(Referring expression grounding data)

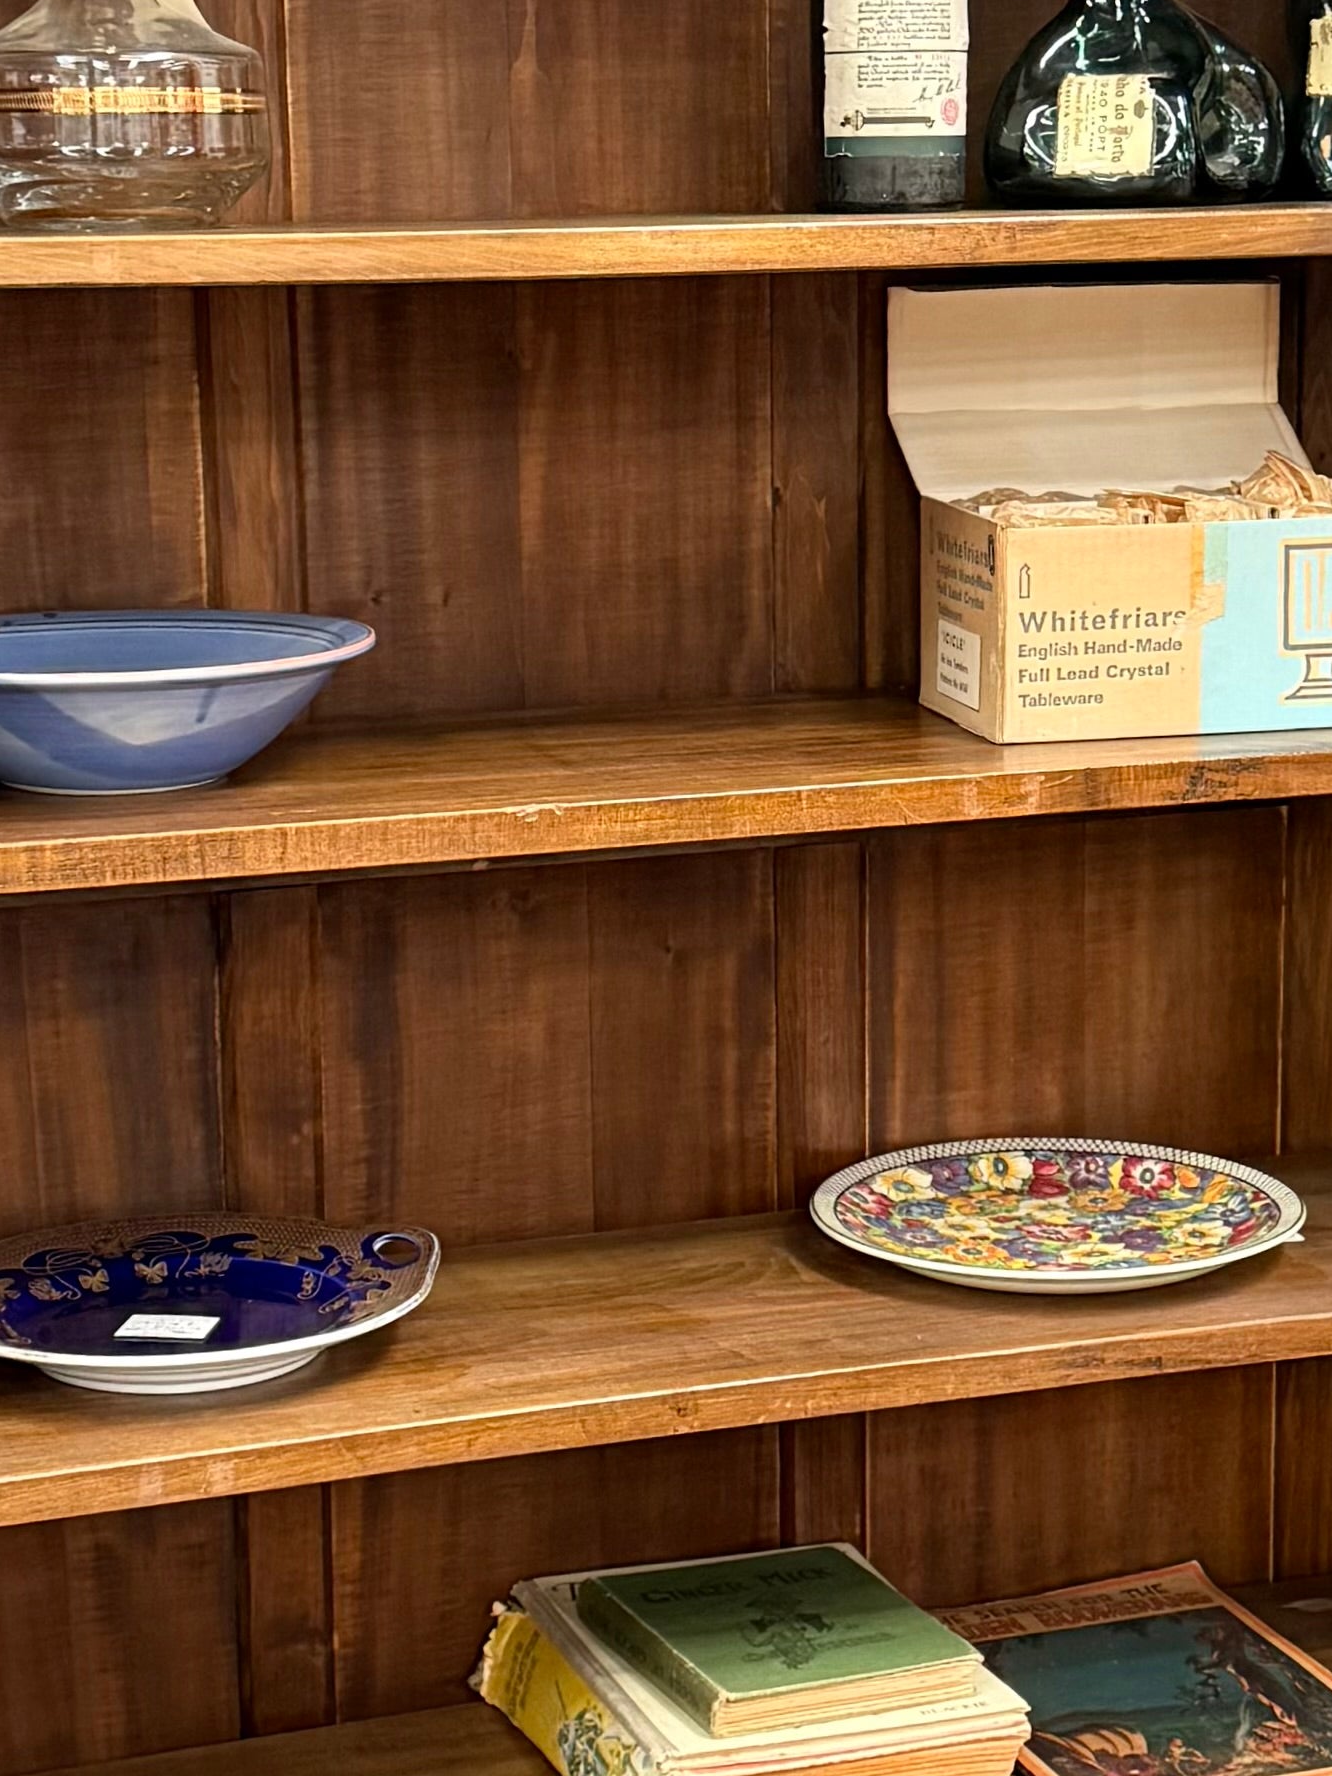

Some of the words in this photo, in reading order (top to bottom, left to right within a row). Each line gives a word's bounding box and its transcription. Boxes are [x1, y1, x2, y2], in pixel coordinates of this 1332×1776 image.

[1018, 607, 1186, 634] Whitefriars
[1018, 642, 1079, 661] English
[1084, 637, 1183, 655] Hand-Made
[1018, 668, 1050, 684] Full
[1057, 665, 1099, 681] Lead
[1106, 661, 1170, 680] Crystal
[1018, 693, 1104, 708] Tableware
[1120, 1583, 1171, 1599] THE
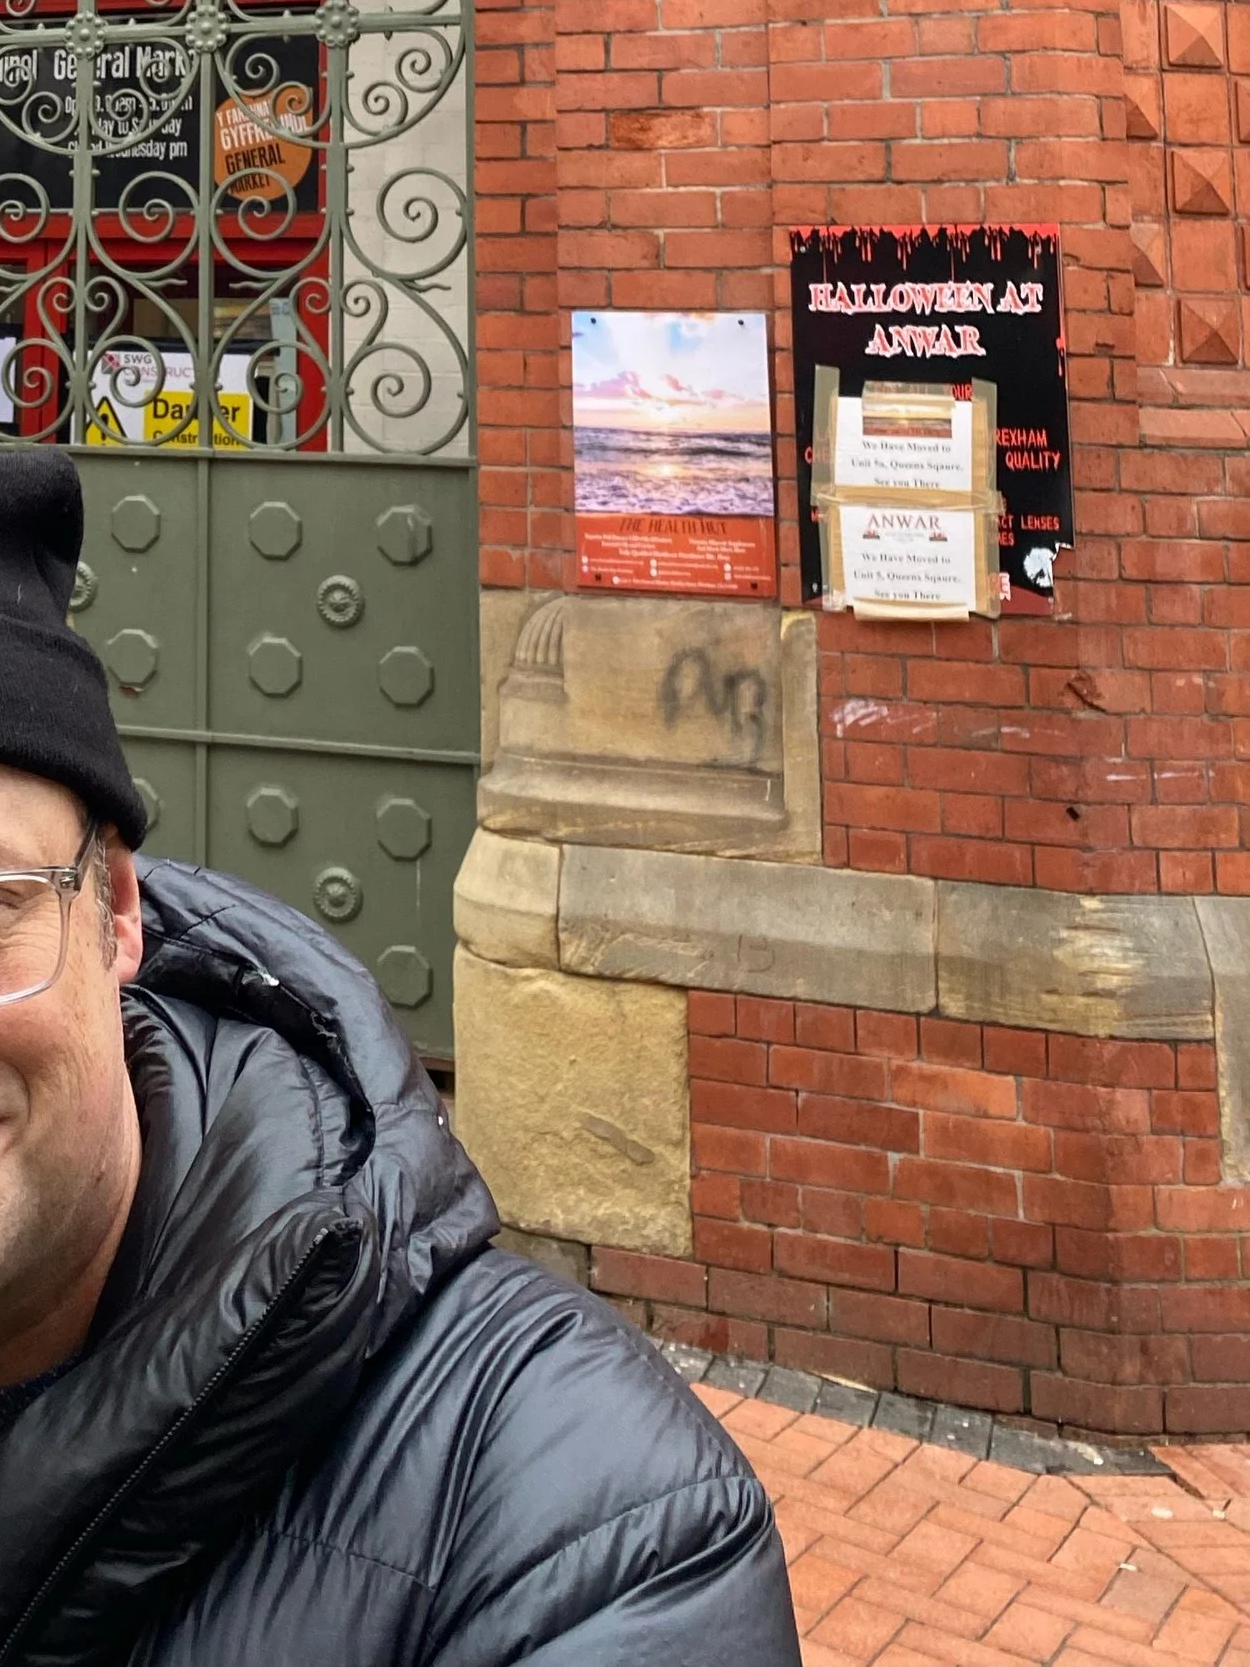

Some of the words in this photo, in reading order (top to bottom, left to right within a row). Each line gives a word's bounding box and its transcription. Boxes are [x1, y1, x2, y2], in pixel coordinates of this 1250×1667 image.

= Problem to work on =
Output each line above exactly. Skip the images.

= Task answer =
Some of the words in this photo, in reading order (top to bottom, left to right within a row). Each line gives a word's bounding box and its transcription. Boxes are [x1, y1, x2, y2], in pixel coordinates of this 1332×1776 image.

[1018, 607, 1186, 634] Whitefriars
[1018, 642, 1079, 661] English
[1084, 637, 1183, 655] Hand-Made
[1018, 668, 1050, 684] Full
[1057, 665, 1099, 681] Lead
[1106, 661, 1170, 680] Crystal
[1018, 693, 1104, 708] Tableware
[1120, 1583, 1171, 1599] THE

Some of the words in this photo, in reading order (top to bottom, left to right within a row). Each line gives a word's bounding box and its transcription. Boxes are [x1, y1, x2, y2], in pixel coordinates of this 1250×1667 image.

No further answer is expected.